- **Task details**:
Copy the entries below word for word, minus the pictures.
^^^^
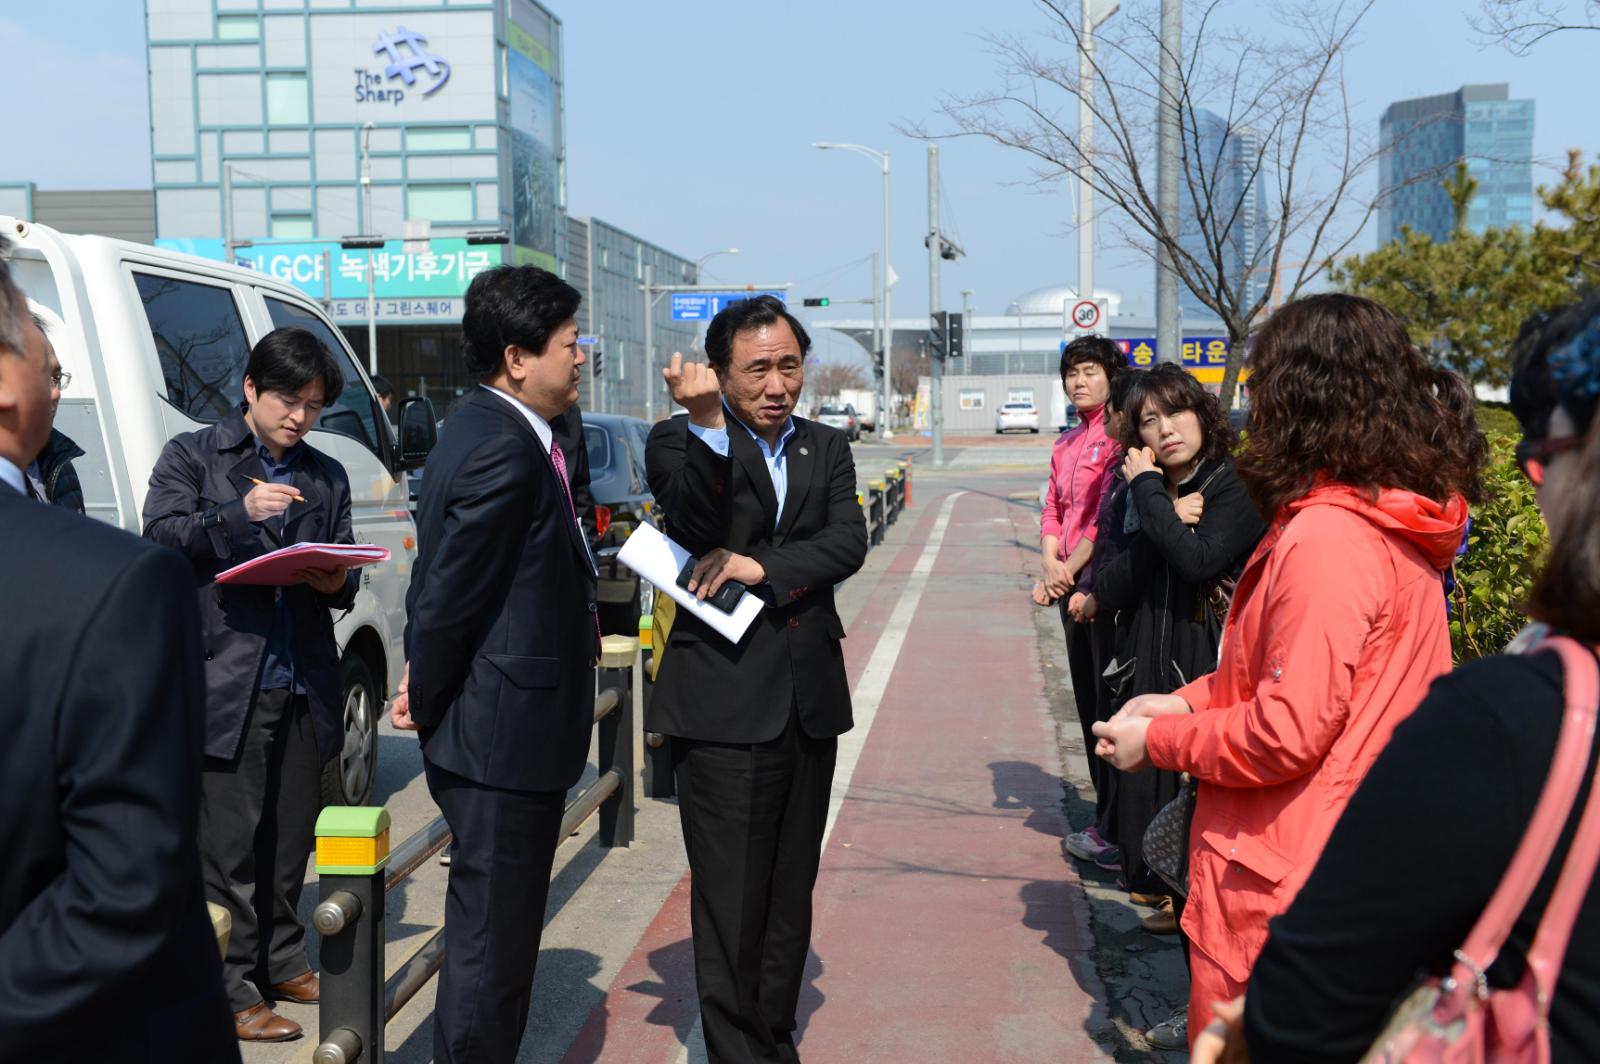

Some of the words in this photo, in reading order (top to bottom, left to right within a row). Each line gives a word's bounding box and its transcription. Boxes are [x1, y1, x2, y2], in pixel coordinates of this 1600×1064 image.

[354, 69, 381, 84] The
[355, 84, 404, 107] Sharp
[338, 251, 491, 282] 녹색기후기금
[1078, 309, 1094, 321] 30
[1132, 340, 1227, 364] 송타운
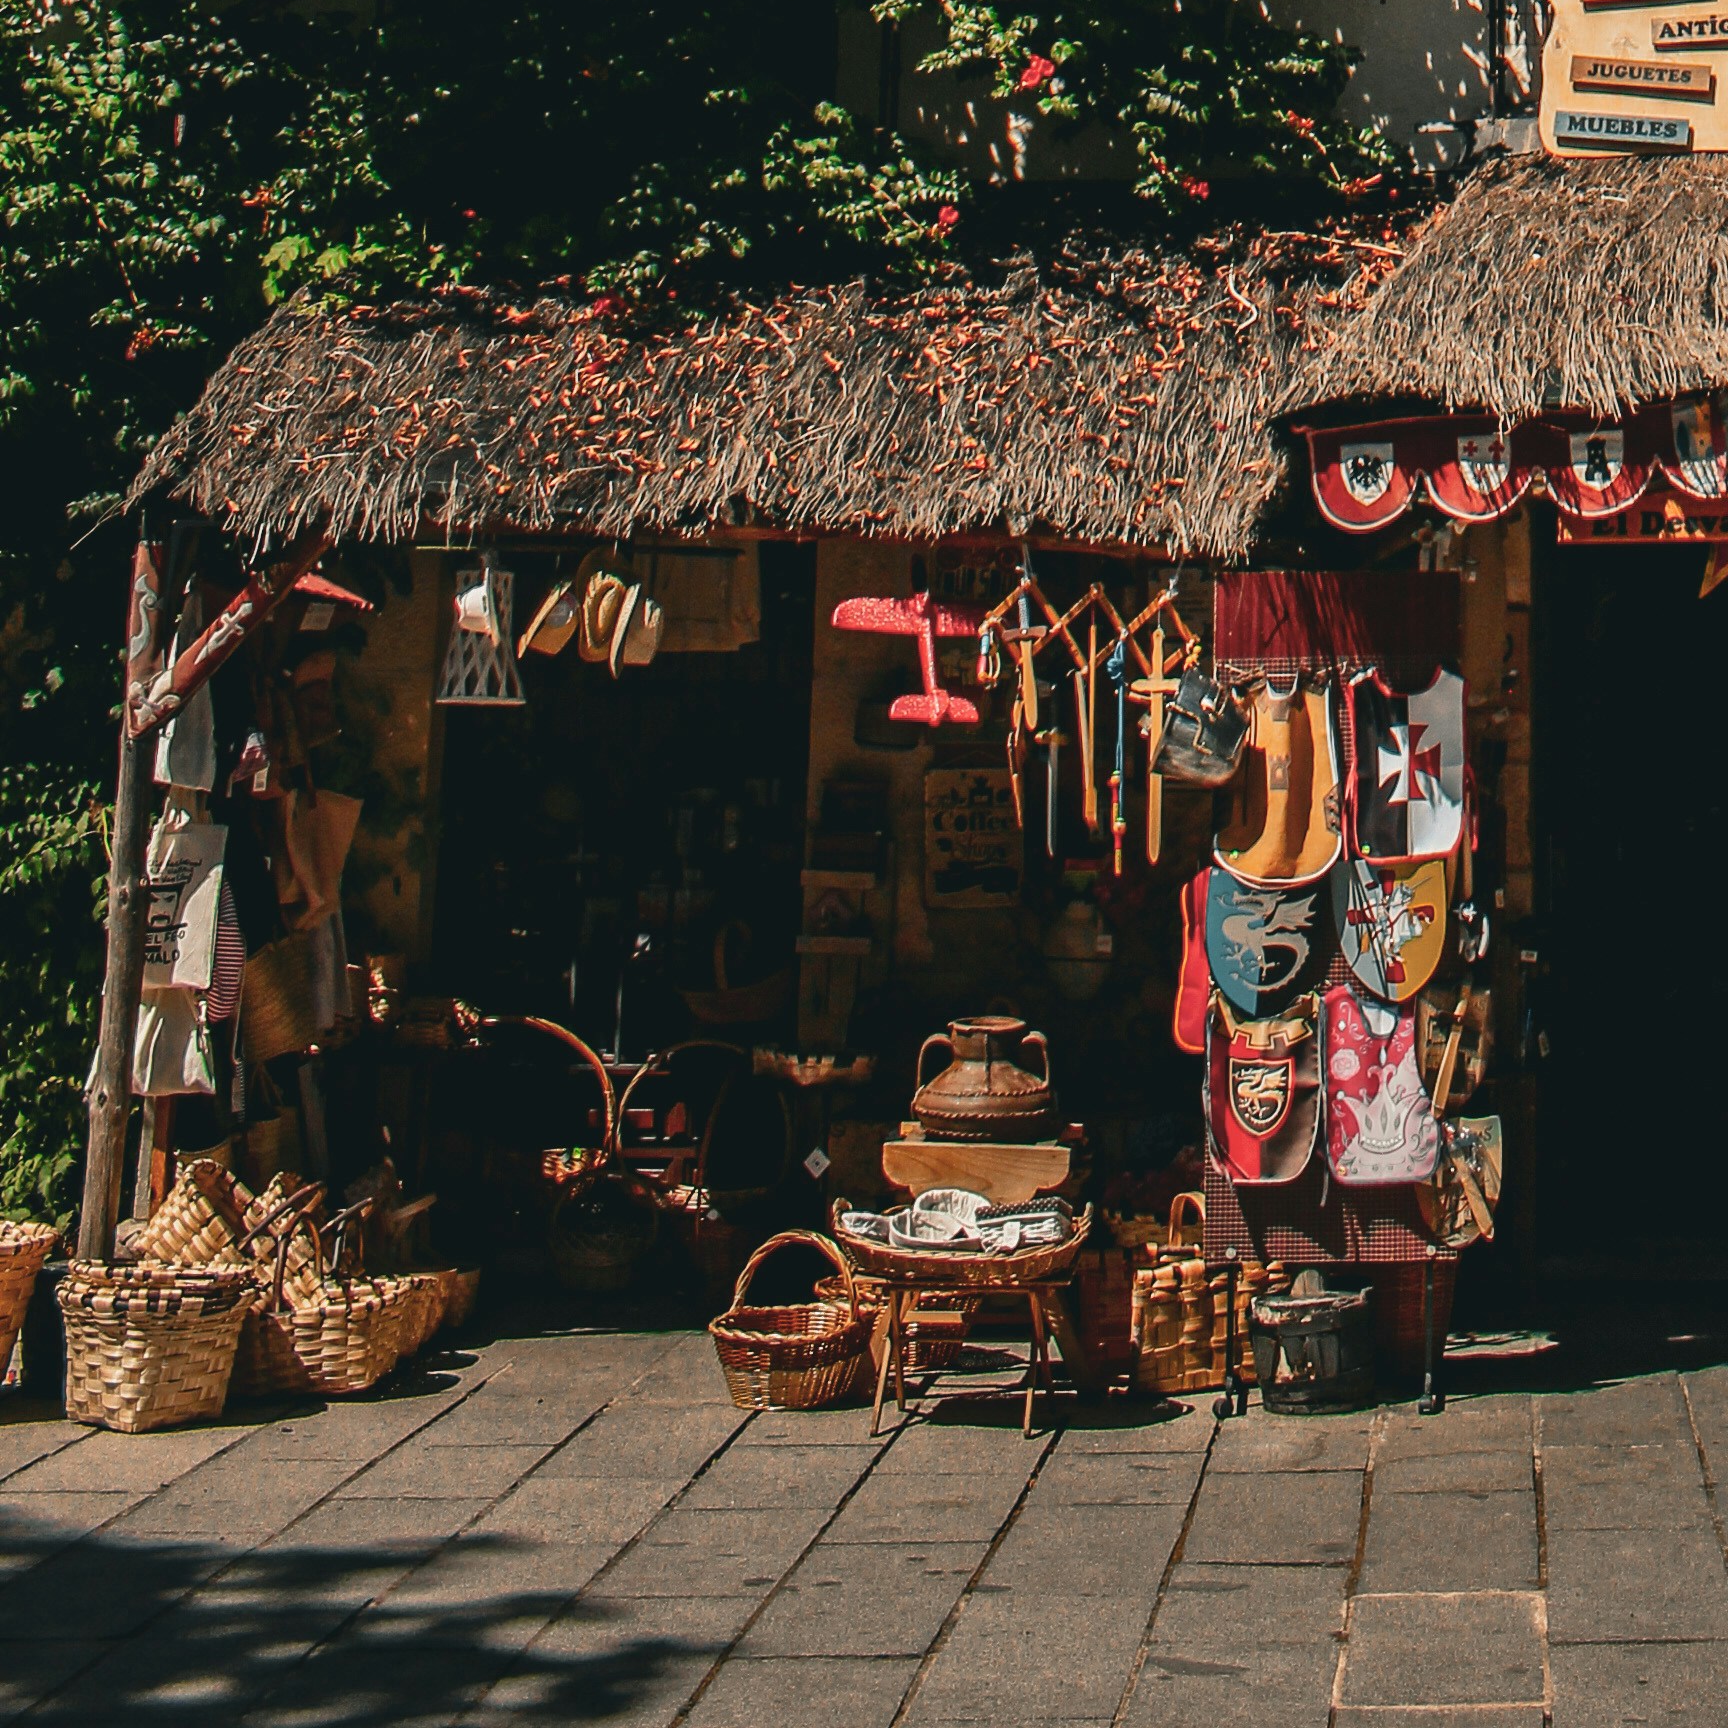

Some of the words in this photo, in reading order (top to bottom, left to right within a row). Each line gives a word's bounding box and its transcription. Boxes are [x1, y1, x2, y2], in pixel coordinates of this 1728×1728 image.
^^^^
- **Response**:
Some of the words in this photo, in reading order (top to bottom, left to right within a row). Each line gives a word's bounding box and its transcription. Boxes are [x1, y1, x2, y2], in pixel coordinates of this 1600×1064 image.

[354, 69, 381, 84] The
[355, 84, 404, 107] Sharp
[338, 251, 491, 282] 녹색기후기금
[1078, 309, 1094, 321] 30
[1132, 340, 1227, 364] 송타운

Some of the words in this photo, in reading order (top to bottom, left to right within a row). Each line gives a word's bounding box and its transcription. Boxes are [x1, y1, x2, y2], in pixel coordinates of this 1728×1728 image.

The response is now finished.